Brian Lawrence Crews

1965 - 2018

On the morning of September 11, 2001, American Airlines Flight 11 and United Airlines Flight 175 were commandeered by terrorists and crashed into the north and south towers of the World Trade Center in New York City. Later that morning, both towers and surrounding buildings collapsed, sending a large cloud of toxic dust and smoldering debris through lower Manhattan.
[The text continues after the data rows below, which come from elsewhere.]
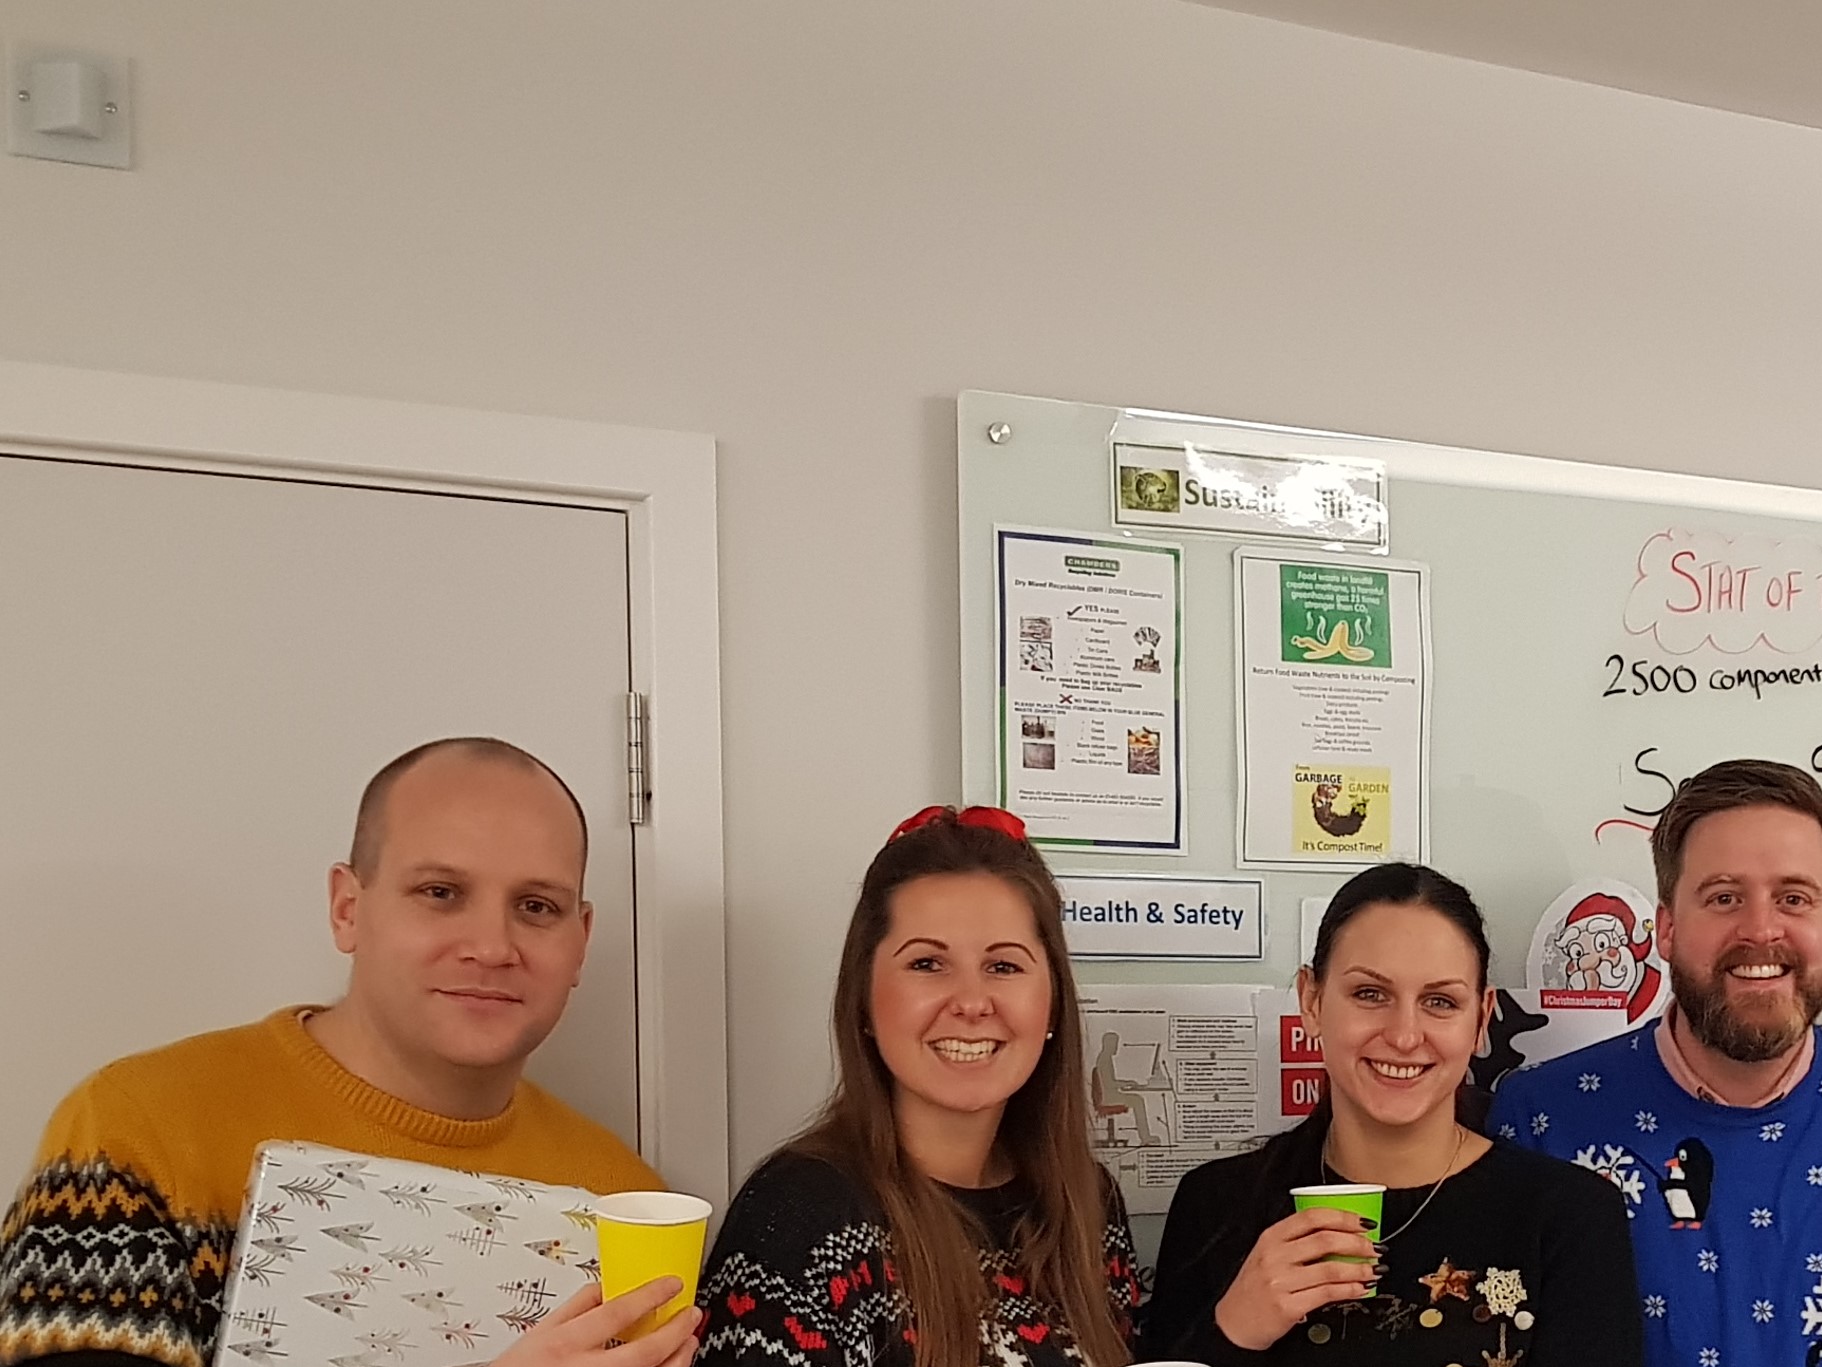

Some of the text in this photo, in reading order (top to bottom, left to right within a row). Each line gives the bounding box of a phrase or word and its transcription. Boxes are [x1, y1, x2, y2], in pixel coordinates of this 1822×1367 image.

[1184, 478, 1379, 525] Sustainility
[1666, 551, 1761, 614] STAT
[1766, 571, 1803, 613] OF
[1084, 605, 1099, 613] YES
[1252, 666, 1274, 675] Return
[1275, 667, 1291, 677] Food
[1350, 672, 1360, 680] the
[1602, 653, 1698, 698] 2500
[1294, 772, 1343, 784] GARBAGE
[1348, 782, 1390, 794] GARDEN
[1302, 840, 1384, 853] It's Compost Time!
[1061, 900, 1244, 931] Health & Safety
[1292, 1078, 1320, 1105] ON
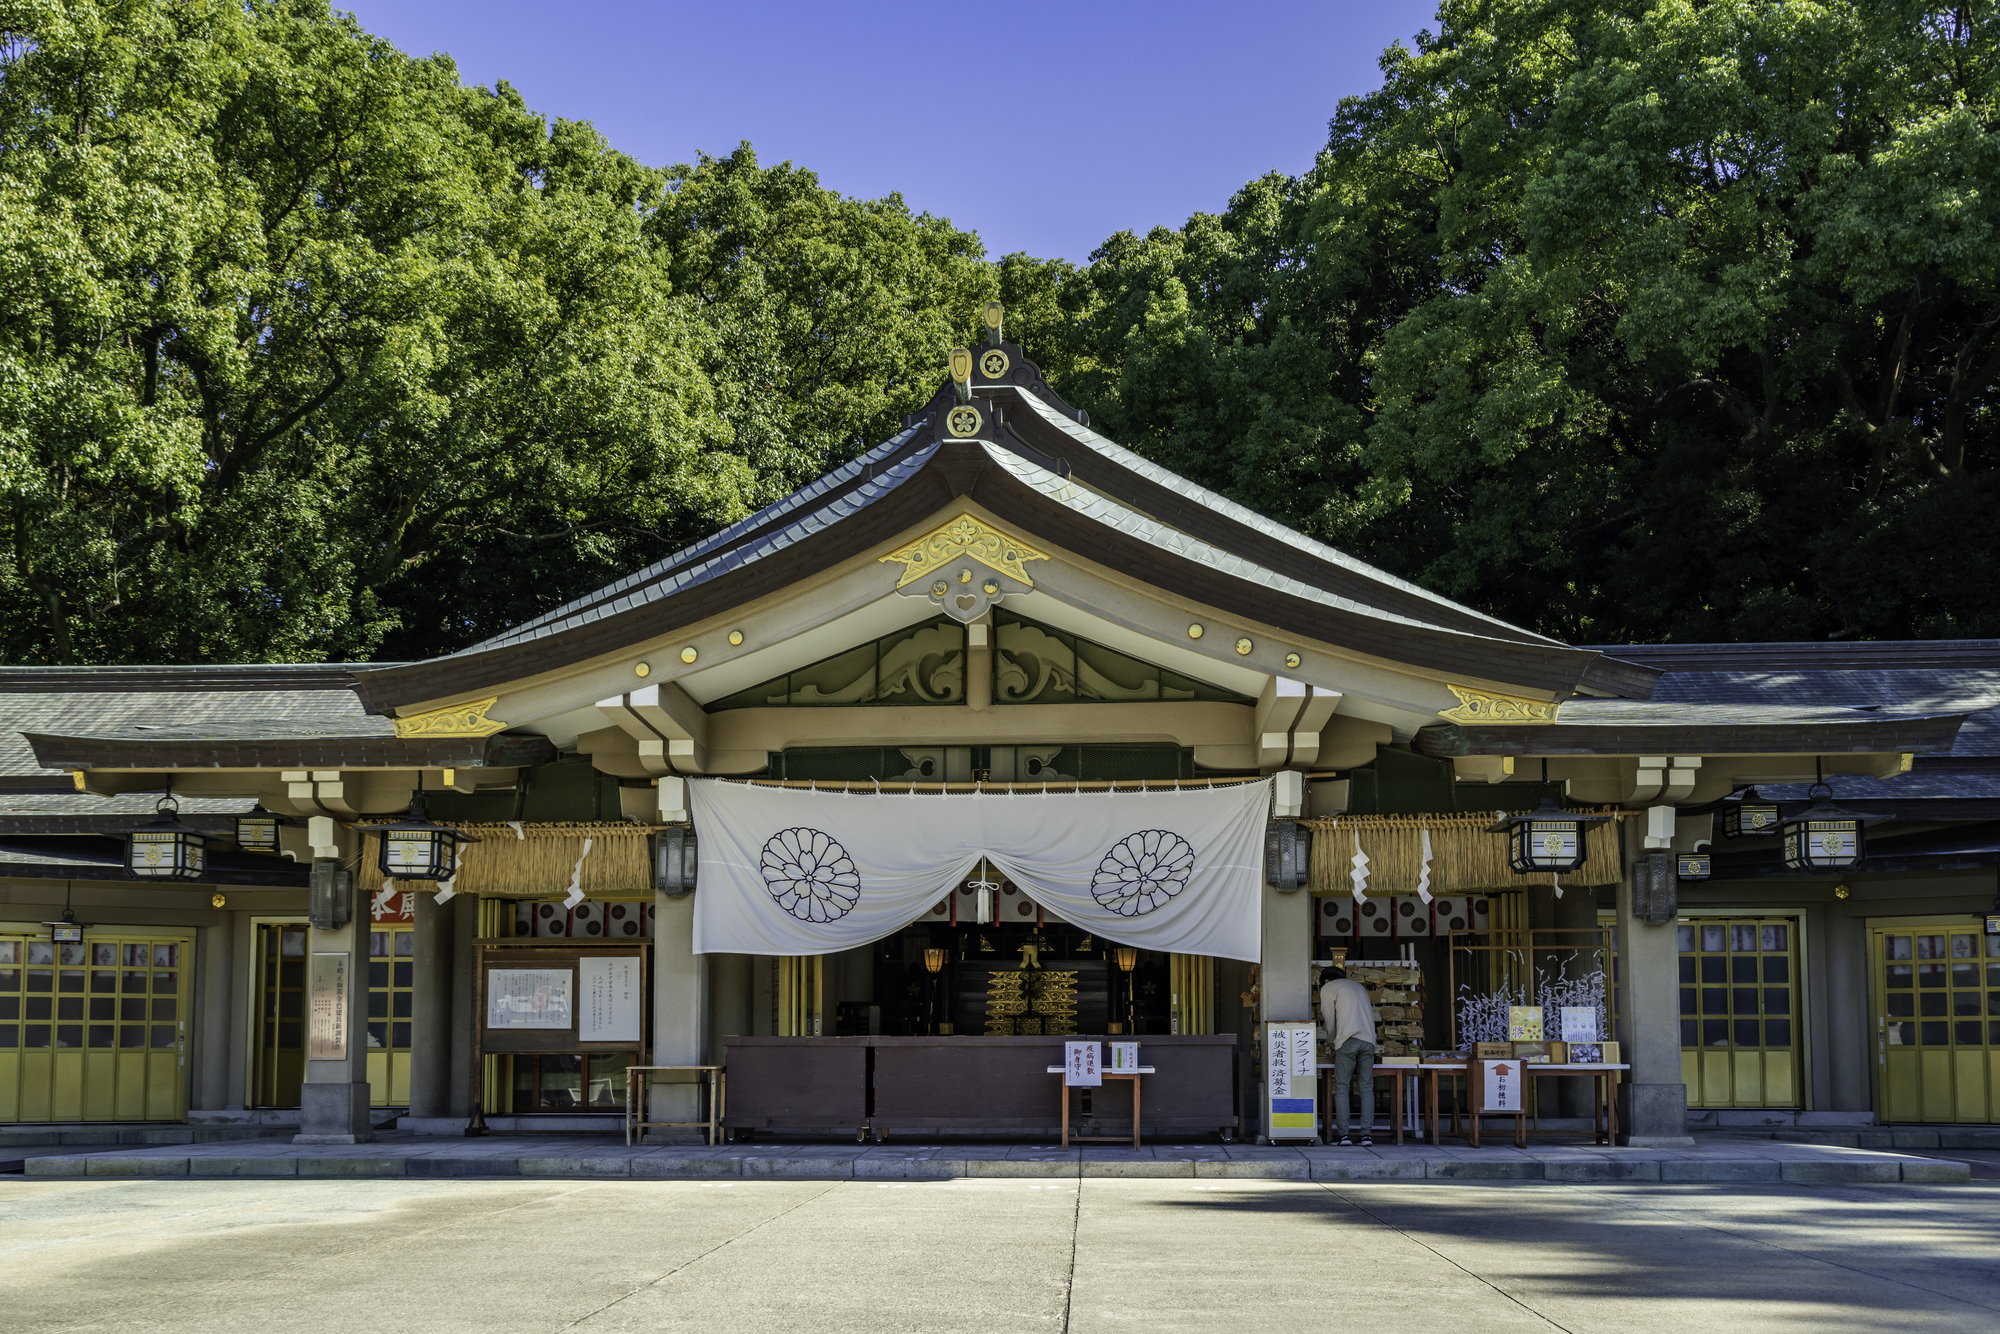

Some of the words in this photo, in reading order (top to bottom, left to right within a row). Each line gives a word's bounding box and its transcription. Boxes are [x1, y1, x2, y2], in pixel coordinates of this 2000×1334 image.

[1073, 1048, 1082, 1079] 御身守り
[1086, 1044, 1095, 1075] 疫病退散
[1272, 1030, 1287, 1095] 被災者救済募金
[1295, 1031, 1310, 1076] ウクライナ
[1498, 1076, 1506, 1108] お初穂料
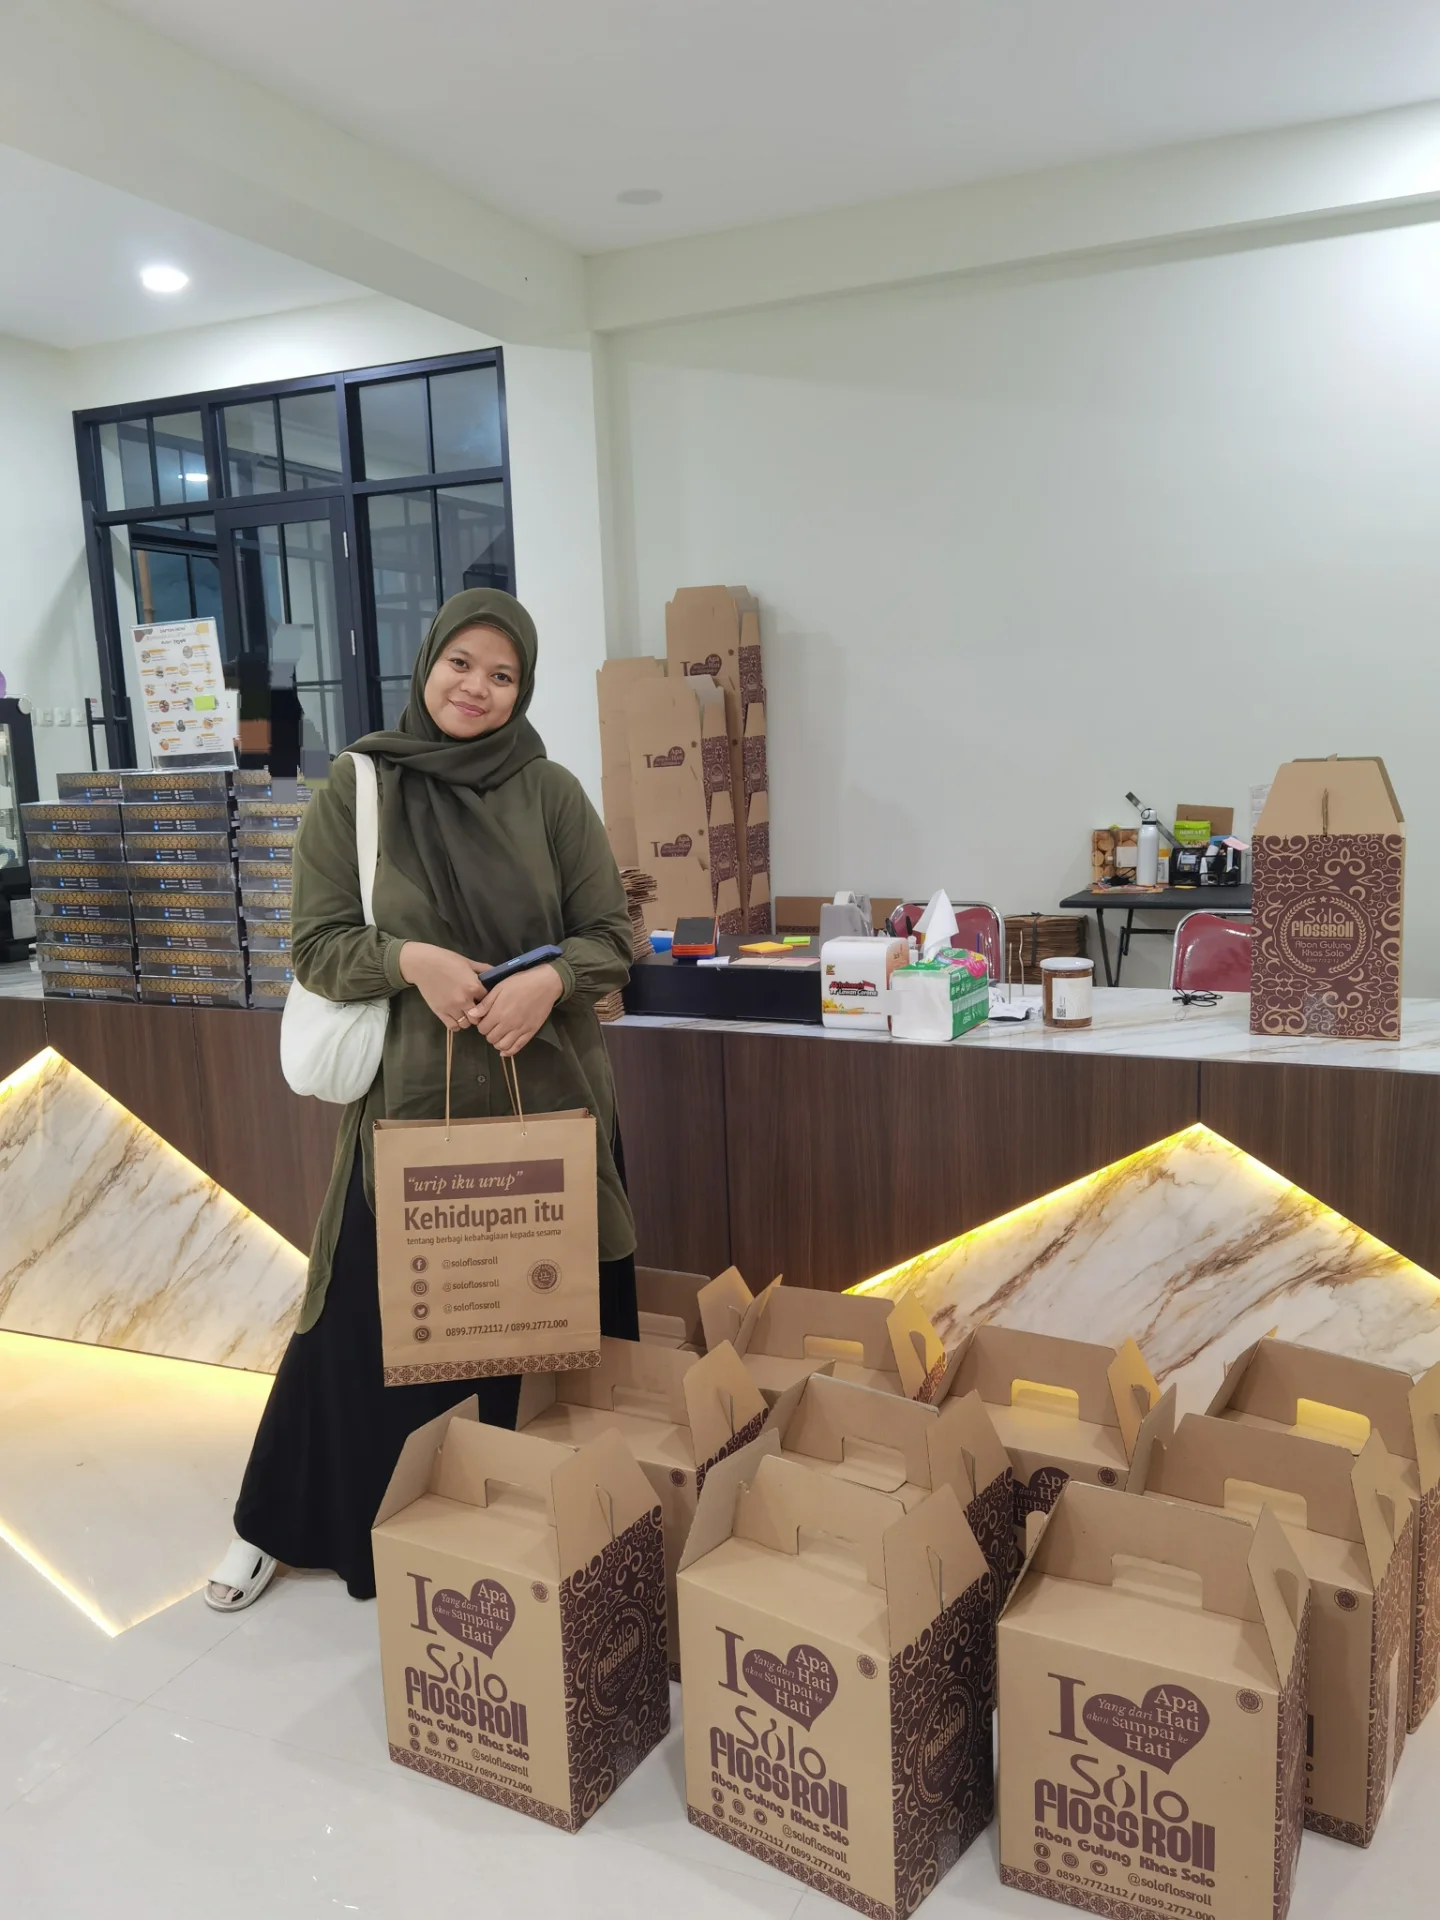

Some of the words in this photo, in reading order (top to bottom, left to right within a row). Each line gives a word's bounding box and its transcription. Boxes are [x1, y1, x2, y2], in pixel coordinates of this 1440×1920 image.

After the 9/11 attacks, Supervisory Special Agent Brian Lawrence Crews, who was part of the FBI Sacramento Evidence Response Team (ERT), volunteered to support the investigative efforts in New York and worked 8- to 12-hour shifts at the Fresh Kills Landfill in Staten Island, processing evidence and debris from the World Trade Center. Though fitted with respirators, many of the ERT staff were forced to remove them to communicate over the noise of heavy machinery. During this time, the Fresh Kills Landfill still contained heavy dust from the tower site that was kicked up by the heavy sifting machines.

In 2015, Crews was diagnosed with lung cancer (adenocarcinoma), which later spread to his spine. He succumbed to the disease on June 10, 2018. Extensive research by the Centers for Disease Control and the National Institute for Occupational Safety and Health established sufficient evidence that Crews’ exposure to the air in and around the rubble at the Fresh Kills Landfill either precipitated or accelerated his development of adenocarcinoma.

Supervisory Special Agent Crews entered on duty with the FBI in 1988, becoming a special agent in 1994.